▶ [What to work on]
Look for the line that contains "this 1600×1200 image."; output that line and every line after it exactly, through the final line of the material below, and nothing else.

START Exercise data

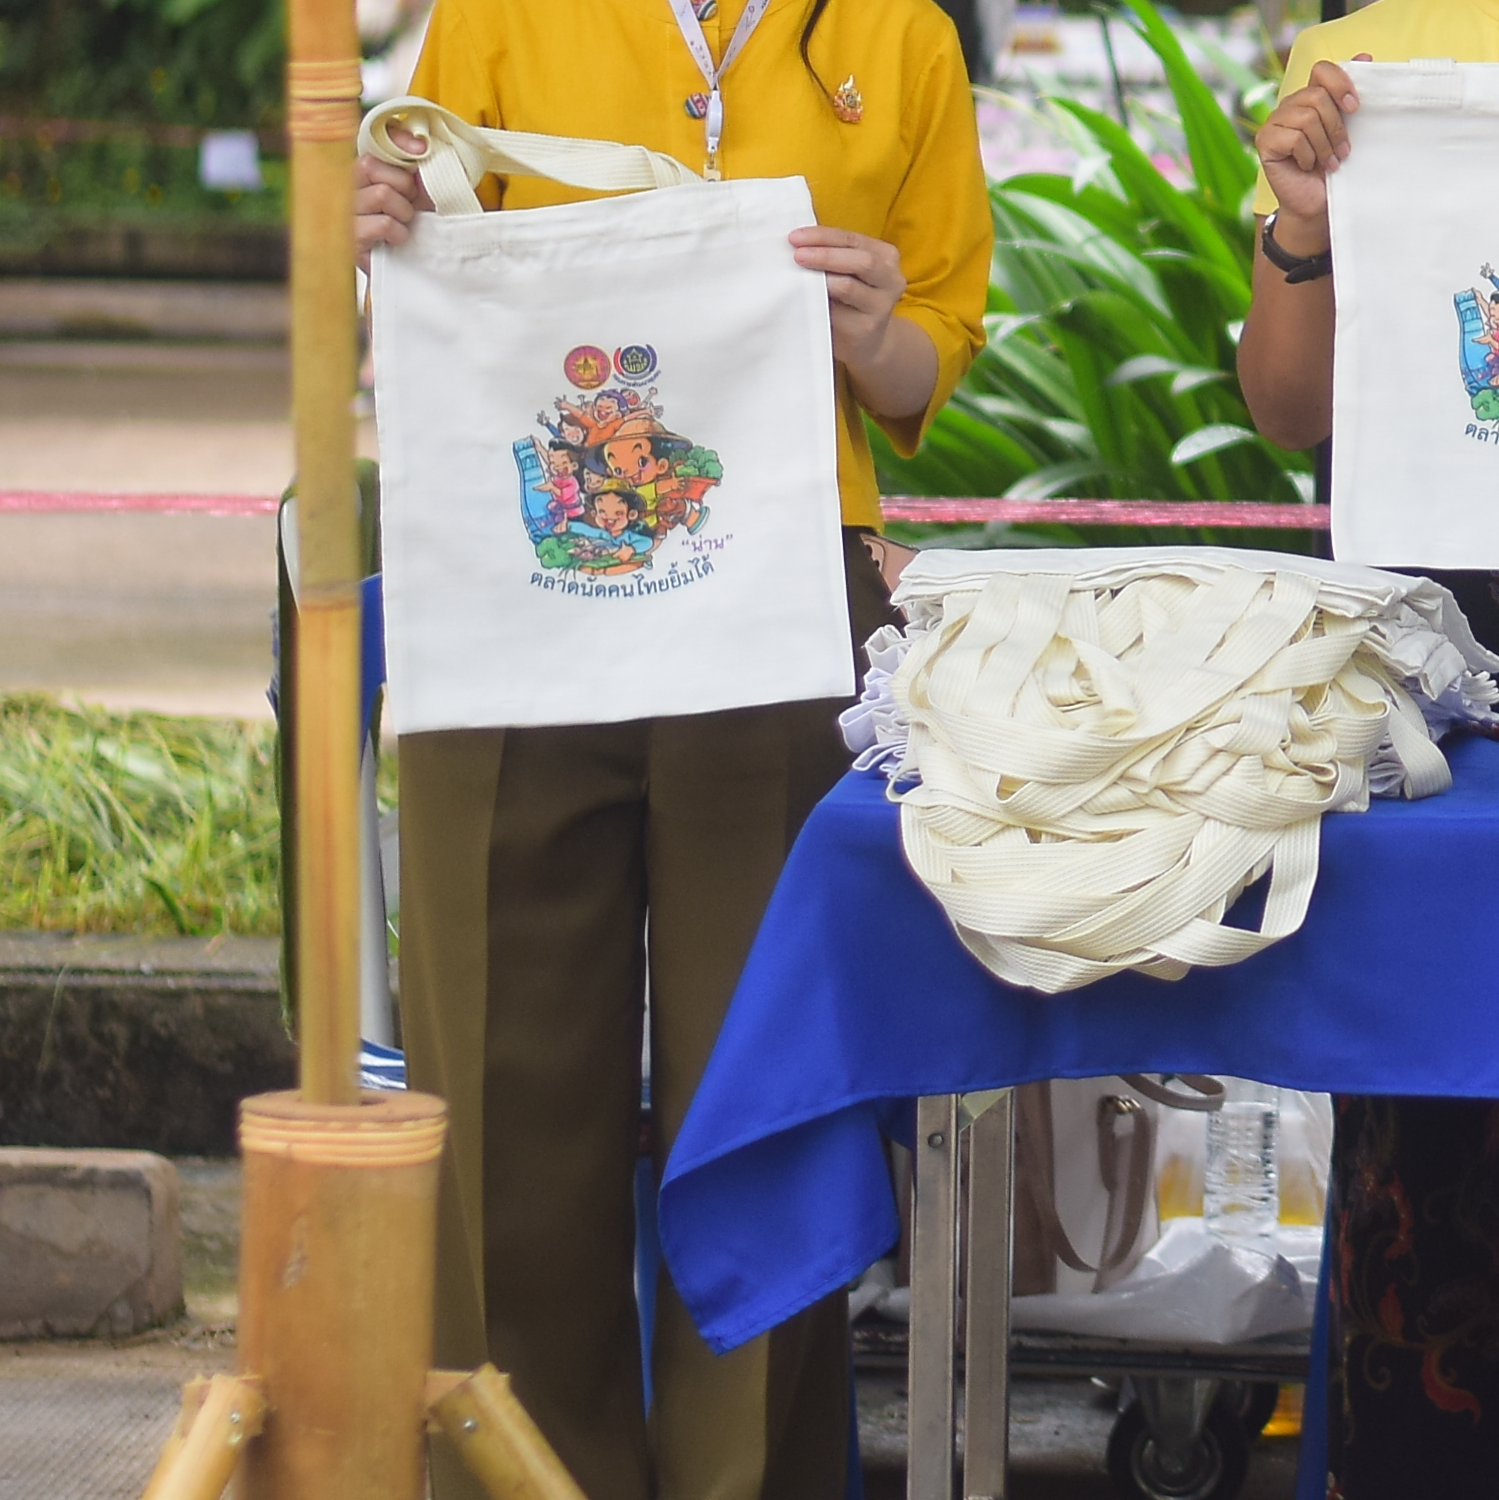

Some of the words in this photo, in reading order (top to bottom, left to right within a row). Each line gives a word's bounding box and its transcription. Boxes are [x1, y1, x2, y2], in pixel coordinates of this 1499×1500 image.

[682, 531, 734, 553] “น่าน”
[530, 553, 715, 598] ตลาดนัดคนไทยยิ้มได้
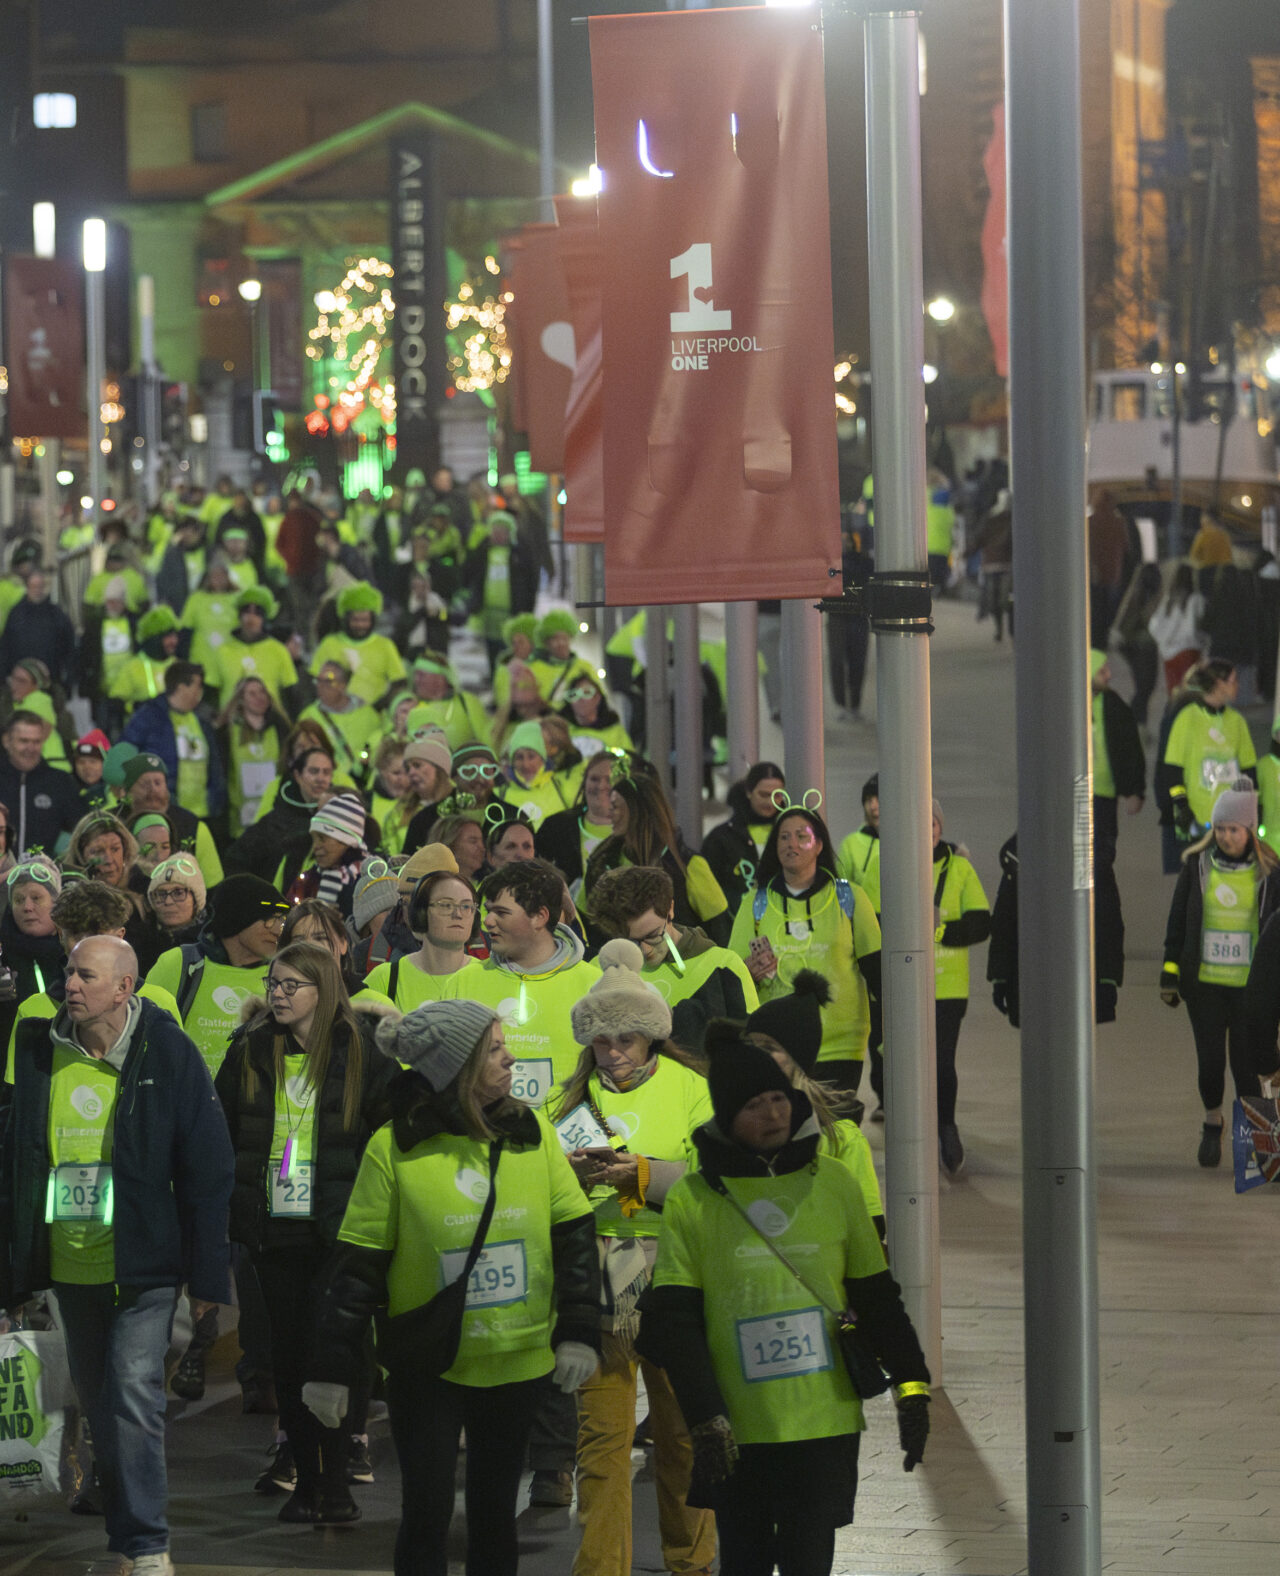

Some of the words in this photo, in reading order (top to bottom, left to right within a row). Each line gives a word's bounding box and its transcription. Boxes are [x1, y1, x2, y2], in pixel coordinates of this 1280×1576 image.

[399, 152, 425, 296] ALBERT
[671, 336, 763, 355] LIVERPOOL
[400, 305, 427, 422] DOCK
[671, 356, 710, 371] ONE
[1211, 943, 1241, 958] 388
[511, 1078, 539, 1098] 60
[560, 1123, 593, 1149] 130
[283, 1183, 310, 1203] 22
[466, 1264, 516, 1294] 195
[754, 1333, 817, 1366] 1251
[12, 1384, 30, 1412] A
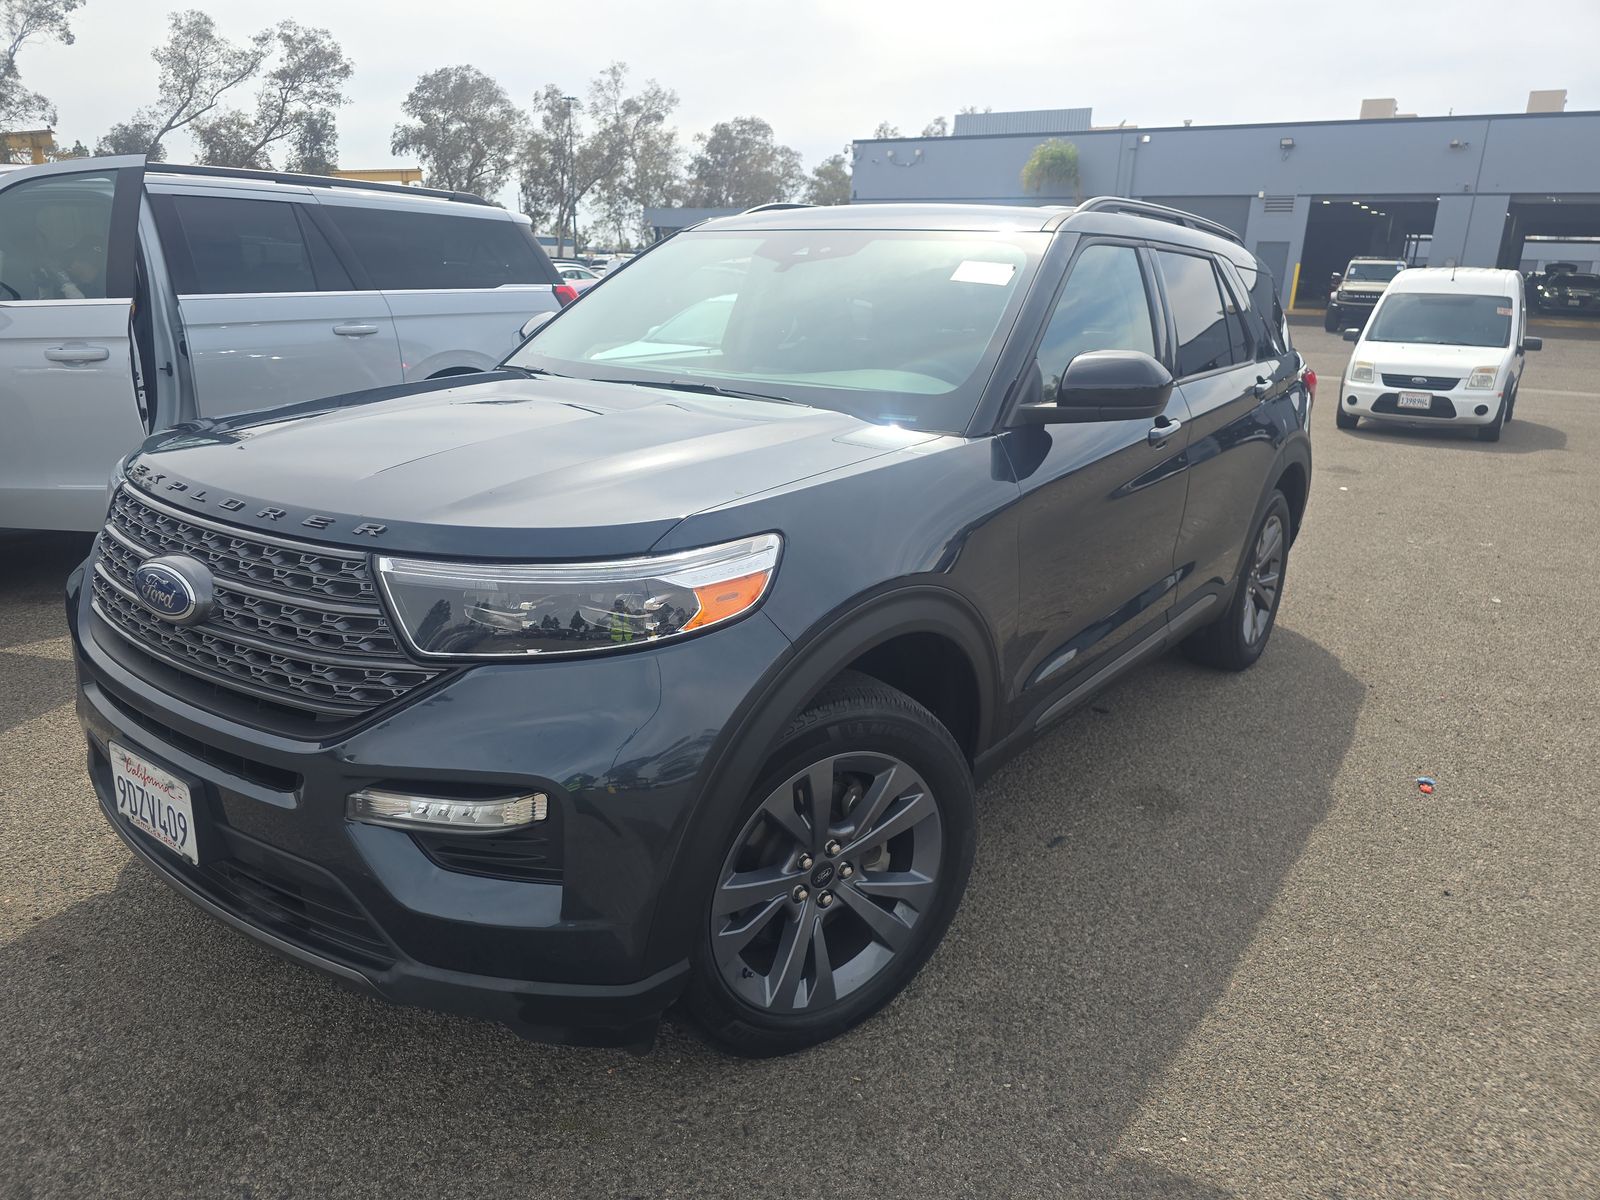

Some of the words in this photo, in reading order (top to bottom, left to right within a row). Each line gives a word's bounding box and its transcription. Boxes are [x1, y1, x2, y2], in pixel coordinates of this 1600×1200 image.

[134, 463, 389, 538] EXPLORER
[141, 573, 176, 609] Ford
[124, 757, 176, 800] California
[117, 775, 188, 847] 9DZV409

END Exercise data

▶ [Exercise result]
Some of the words in this photo, in reading order (top to bottom, left to right within a row). Each line gives a word's bounding box and its transcription. Boxes are [x1, y1, x2, y2], in pixel coordinates of this 1600×1200 image.

[134, 463, 389, 538] EXPLORER
[141, 573, 176, 609] Ford
[124, 757, 176, 800] California
[117, 775, 188, 847] 9DZV409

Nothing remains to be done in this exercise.